Innovative Tools for Disaster Science & Resiliency Collaboration

​A new research project, led by U-M Civil and Environmental Engineering (CEE) Professor, Sherif El-Tawil, is using technology to solve some of the biggest challenges in the area of disaster science and community resilience following an extreme event.

A new research project, led by U-M Civil and Environmental Engineering (CEE) Professor Sherif El-Tawil, is using technology to solve some of the biggest challenges in the area of disaster science and community resilience following an extreme event.

Interdependencies in Community Resilience (ICoR): A Simulation Framework is funded by an award from the National Science Foundation (NSF). The research project is a collaboration between three different departments.
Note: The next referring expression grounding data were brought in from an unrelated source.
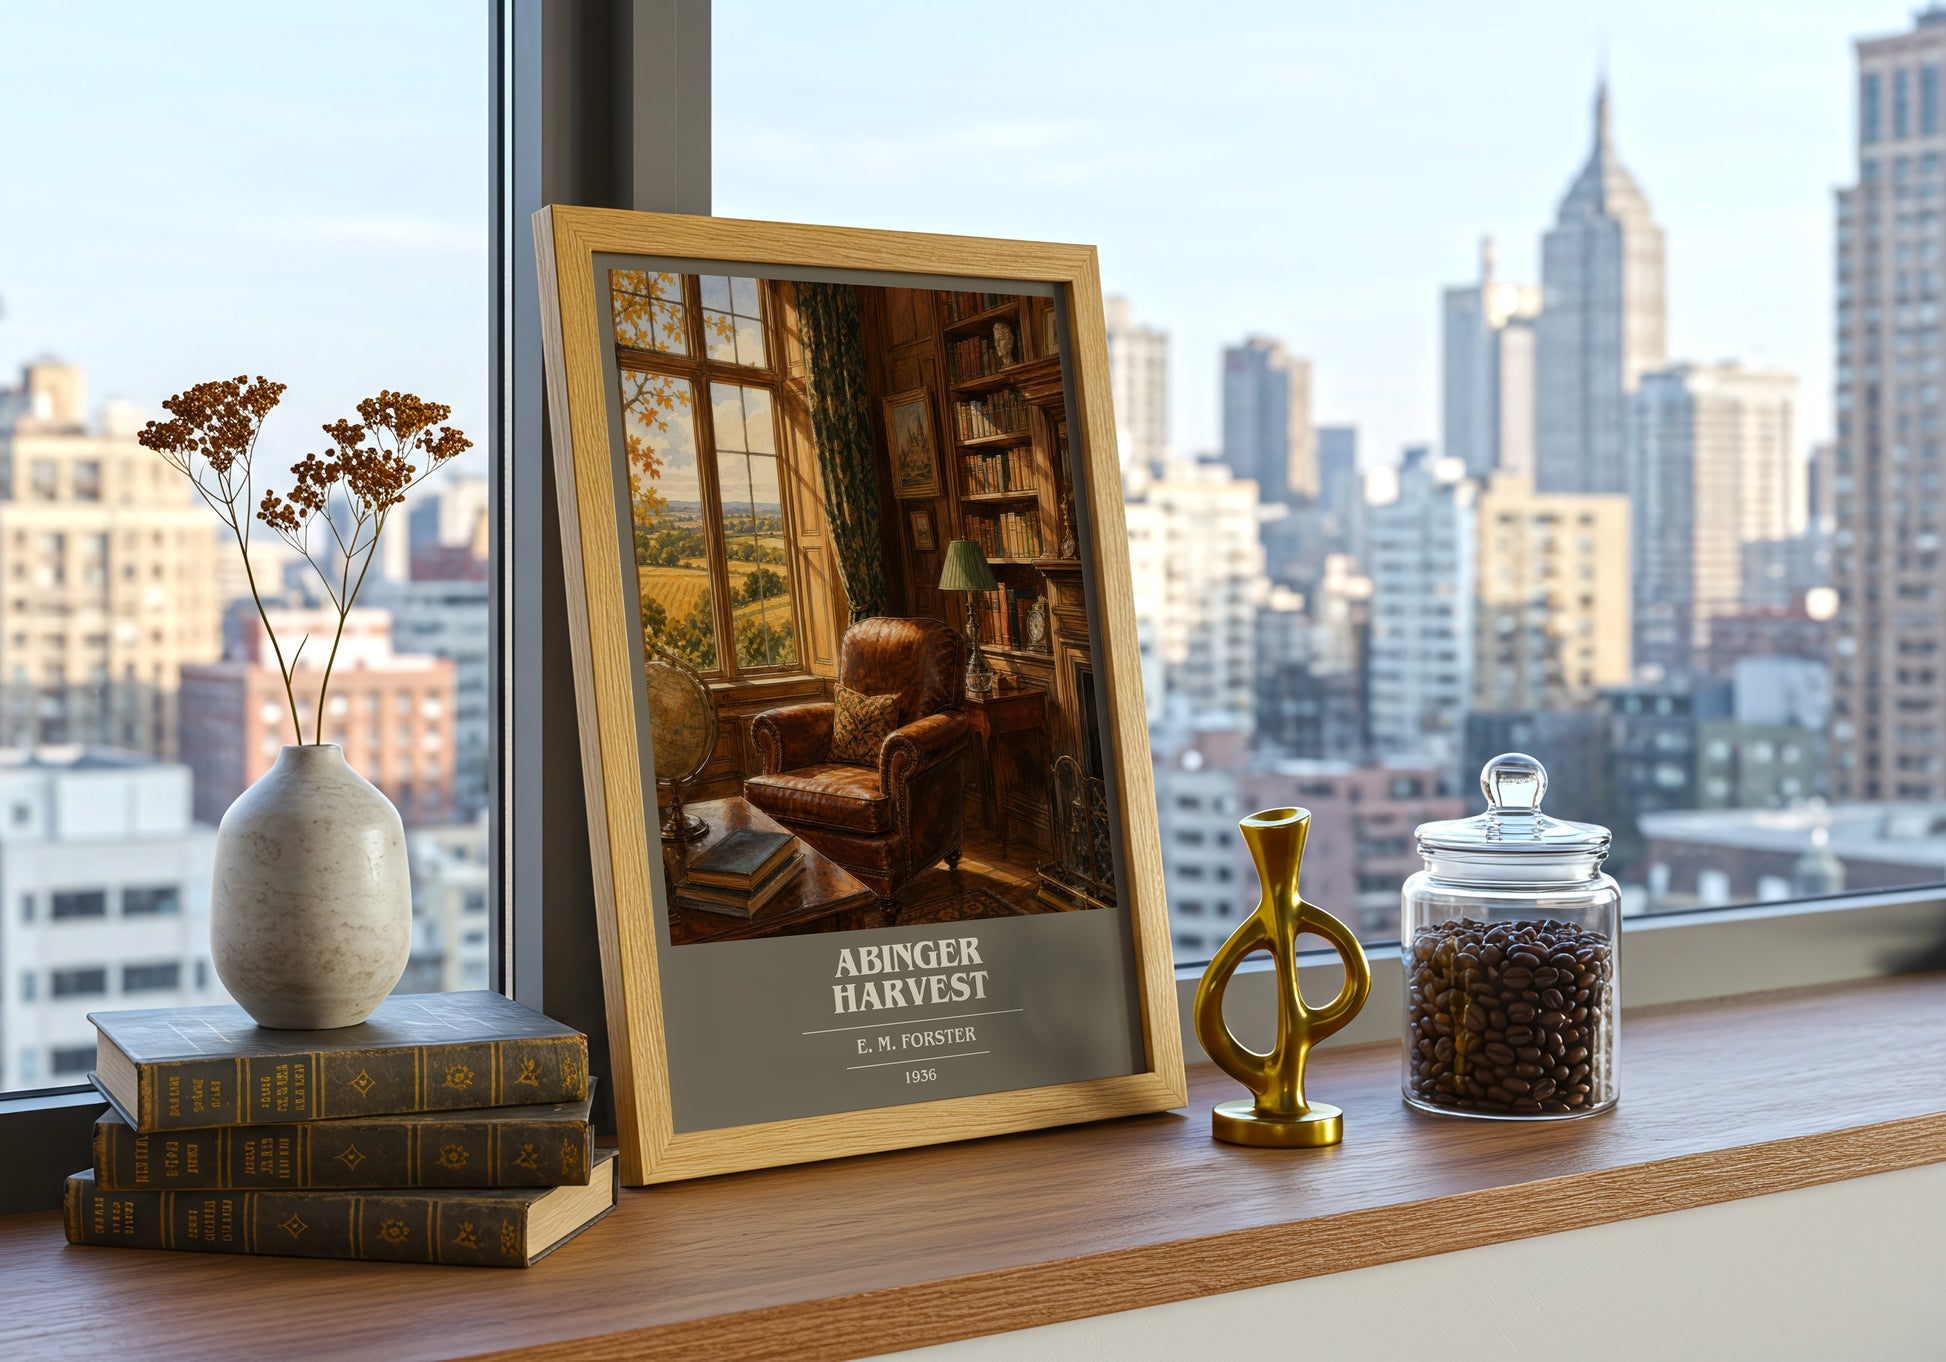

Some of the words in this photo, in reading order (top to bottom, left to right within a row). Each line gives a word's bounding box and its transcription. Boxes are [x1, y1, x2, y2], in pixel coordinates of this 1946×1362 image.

[834, 937, 984, 978] ABINGER
[832, 970, 989, 1014] HARVEST
[857, 1038, 873, 1054] E.
[878, 1036, 897, 1051] M.
[901, 1026, 977, 1049] FORSTER
[905, 1068, 937, 1084] 1936
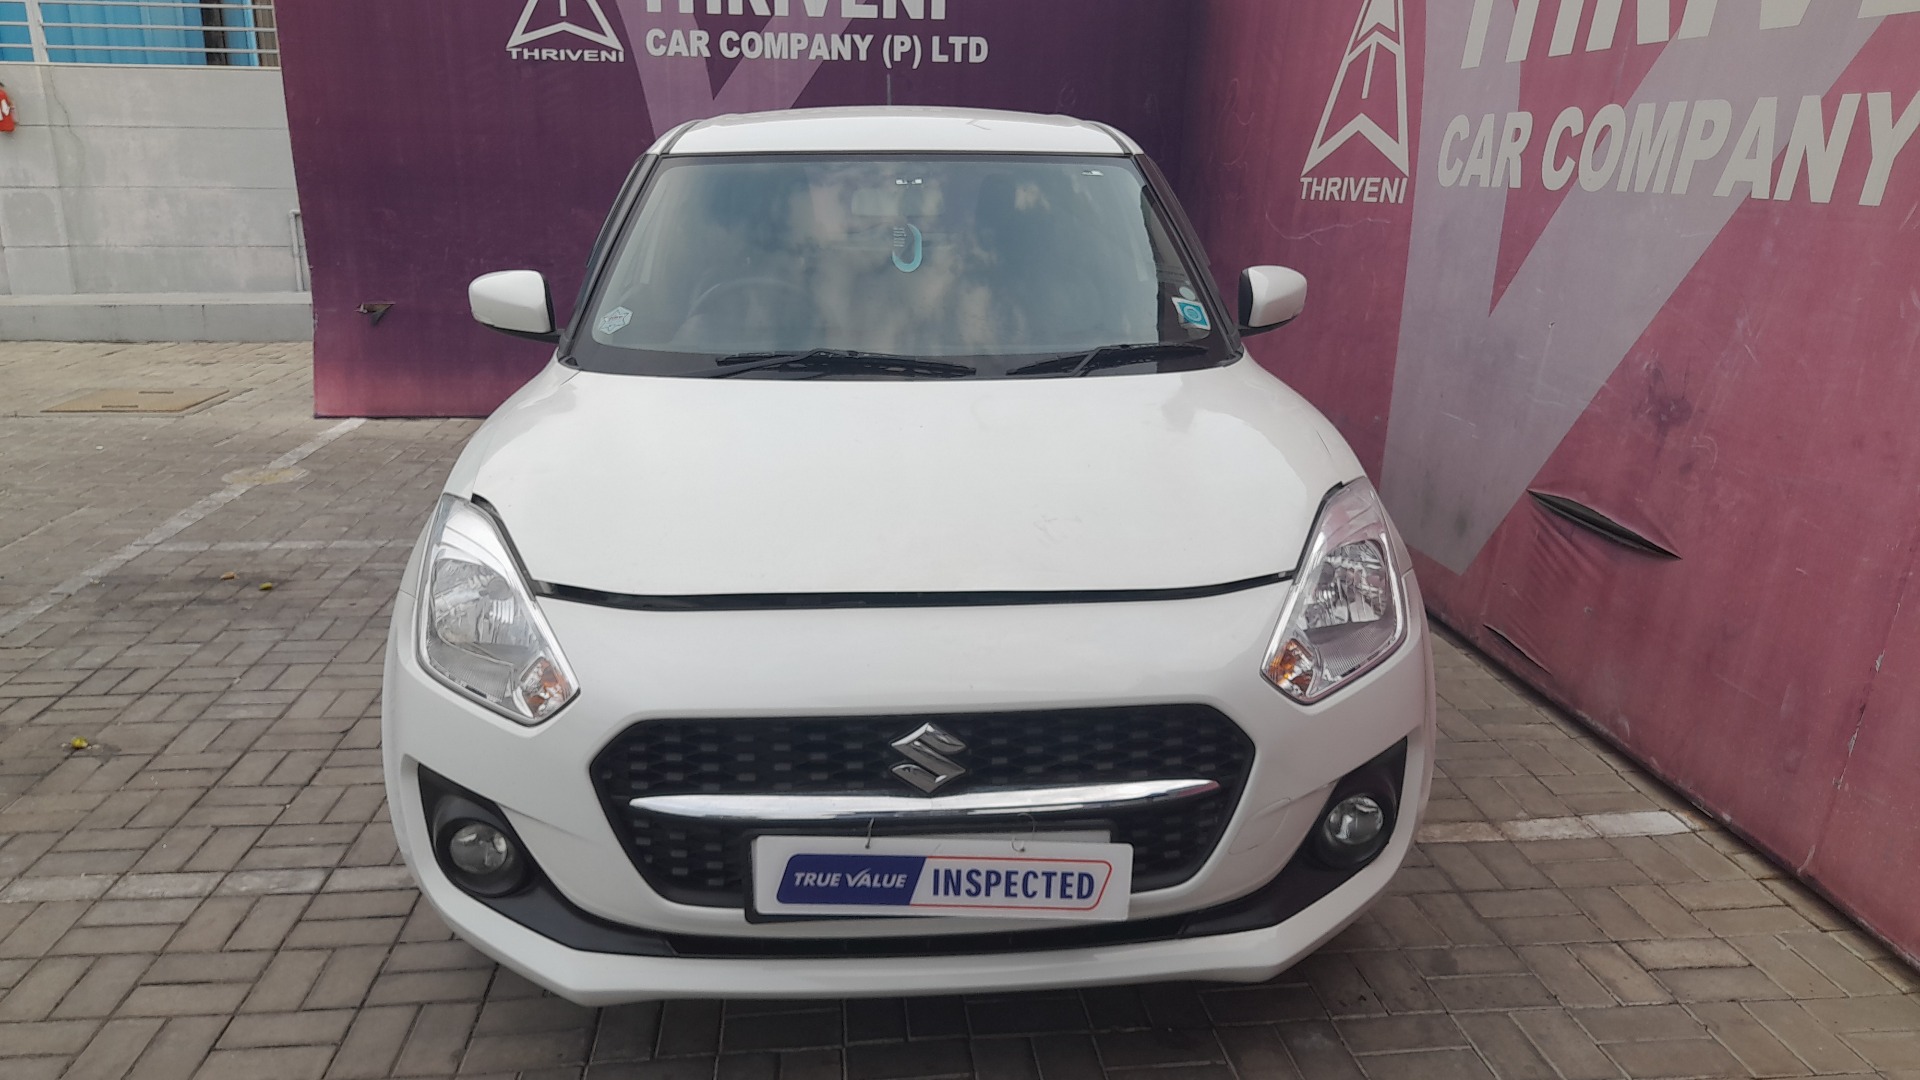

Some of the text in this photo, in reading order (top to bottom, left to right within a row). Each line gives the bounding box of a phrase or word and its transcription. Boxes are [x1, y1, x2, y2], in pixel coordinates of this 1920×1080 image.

[509, 47, 624, 62] THRIVENI
[645, 28, 988, 69] CAR COMPANY (P) LTD
[1437, 91, 1920, 206] CAR COMPANY
[1300, 177, 1408, 204] THRIVENI
[794, 868, 1095, 900] TRUE VALUE INSPECTED
Co-investigators for the project include CEE Professors Vineet Kamat, Seymour Spence and Jason McCormick, from U-M Computer Science, Professor Atul Prakash and from the Disaster Research Center at the University of Delaware, Professor Benigno Aguirre.

This project looks at disaster events, such as earthquakes, hurricanes, tsunamis, wildfires, even man-made disasters like terrorist attacks, and creates tools to model, measure and improve community resilience. Resilience refers to a community’s ability to recover quickly following these types of severe events. The research aims to answer questions such as “if a community suffers a massive earthquake, will it recover quickly or remain altered forever? Can the community’s response during and after the disaster be modified to ensure optimal outcome?”
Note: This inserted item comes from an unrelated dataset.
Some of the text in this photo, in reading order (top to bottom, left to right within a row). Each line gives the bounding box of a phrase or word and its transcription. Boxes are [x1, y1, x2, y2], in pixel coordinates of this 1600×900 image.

A community’s resilience can be assessed in terms of the robustness of its physical infrastructure, how its social response is organized, casualty rates and the success of its public policies. These systems are interdependent, with a disturbance in one system propagating through many, affecting overall resilience. Through this research project, new tools are being developed for a more comprehensive understanding of these complex interactions.
“Our society has become so complex that all systems are dependent on one another. If one system fails, it can lead to a cascade effect, with multiple systems being affected by the one that failed,” says Professor El-Tawil.

The scale for this project is on the city or an entire community, but it is tied to individual components such as power grids, roads, gas lines, buildings, bridges and people. It considers a community as a socio-technical system, where people, physical systems and cyber infrastructure interact together during a disaster. The success of these interactions is crucial for the community’s resilience.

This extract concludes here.